Right or wrong etiquette, I received several cards addressed only to me when my mom died.


----------



## Jellybeans (Mar 8, 2011)

When my own relative died, I got many cards addressed only to me saying how sorry they were for my loss, not addressed to me & hubby.


----------



## golfergirl (Dec 8, 2010)

Jellybeans said:


> When my own relative died, I got many cards addressed only to me saying how sorry they were for my loss, not addressed to me & hubby.


That's true. Now if Christmas card comes to just him - then I'll be P!SSED lol!
_Posted via Mobile Device_


----------



## Jellybeans (Mar 8, 2011)

I agree


----------



## 4sure (Aug 8, 2010)

Sounds like you may have a trust issue with husband. I wouldn't have noticed myself that the card was only for him.

It was his relative, and he was by himself, so she sent him the card.


----------



## golfergirl (Dec 8, 2010)

4sure said:


> Sounds like you may have a trust issue with husband. I wouldn't have noticed myself that the card was only for him.
> 
> It was his relative, and he was by himself, so she sent him the card.

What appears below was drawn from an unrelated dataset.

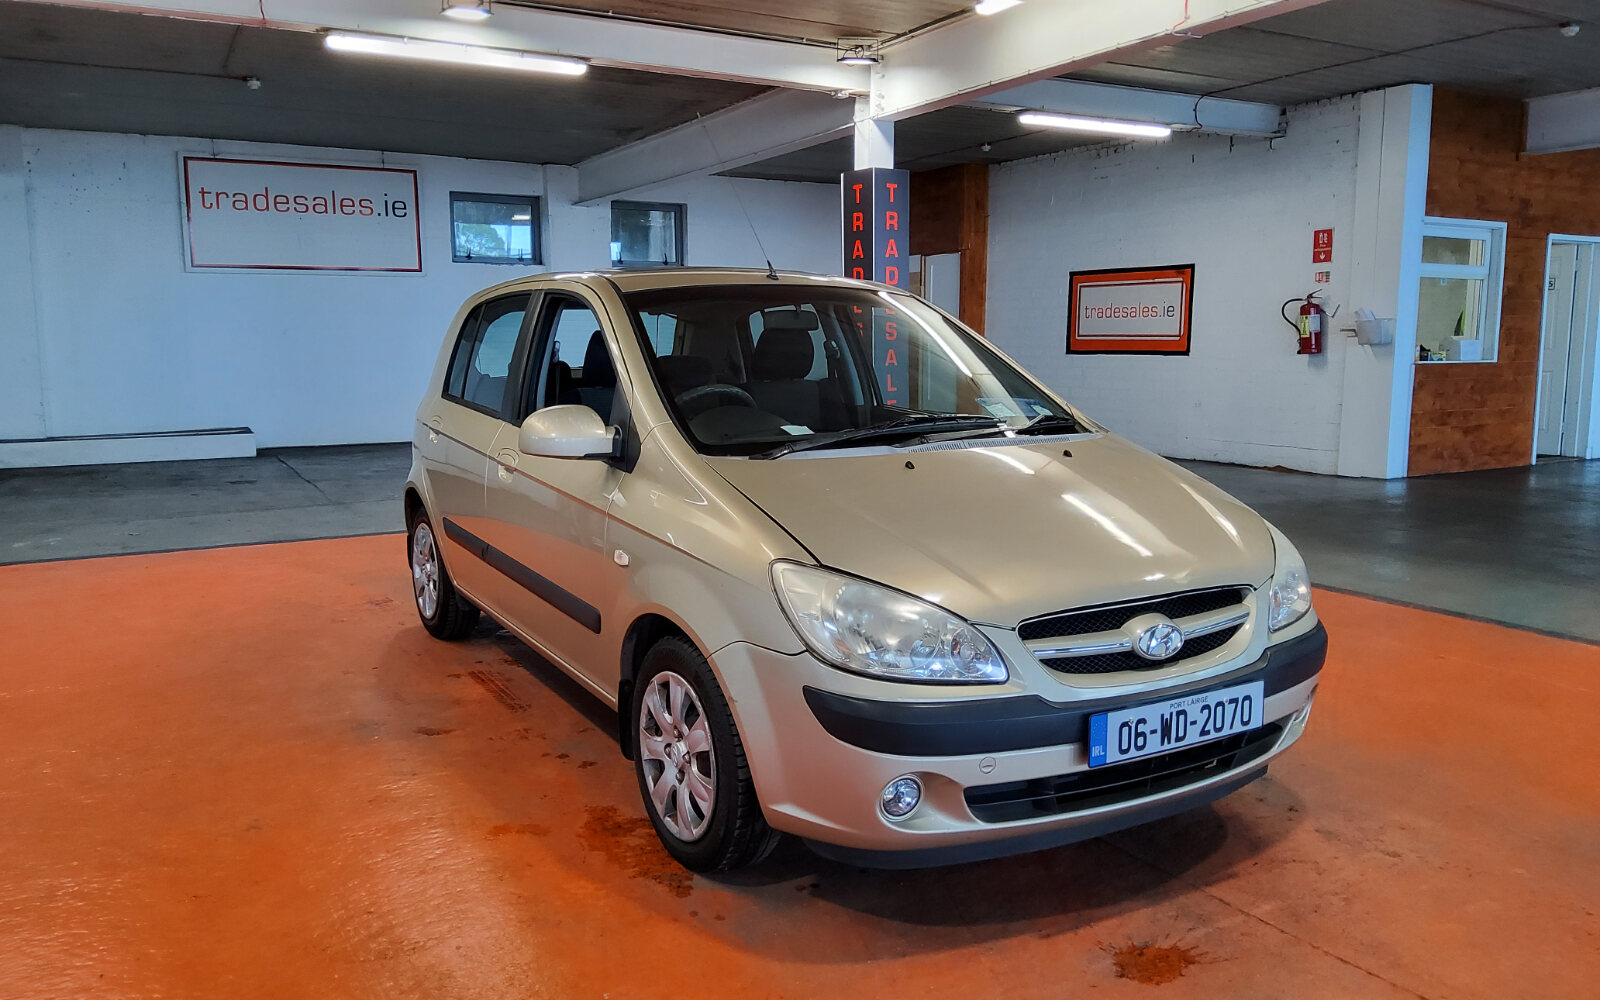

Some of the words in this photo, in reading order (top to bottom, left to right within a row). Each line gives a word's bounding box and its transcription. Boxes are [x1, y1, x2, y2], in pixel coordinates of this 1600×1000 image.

It's not a trust issue - we have a list of issues longer than my arm but that's the only one not on list.
Lol. I guess I found it odd for few reasons. On one hand she isn't a relative truly (niece of step mother), it's not like they were close (he's never met her before and through a weird family history, only met stepmom maybe 10 times in his life in person). They were both at funeral so to mail a card a month later when they were both at funeral also seems odd. And also, it seems strange like me sending my brother a card on the loss of his (my) mother - you know? It just seemed weird and the first thing I thought was the way I was raised, the card (had I sent it) would have been addressed to H and family. Losing her affected our whole family, she was my kids step-grandma.
We're over it without any stress, it struck me as just weird that's all.
_Posted via Mobile Device_


----------



## mayatatia (Jul 3, 2011)

why dont you send her a thank you card?.... just in case.


----------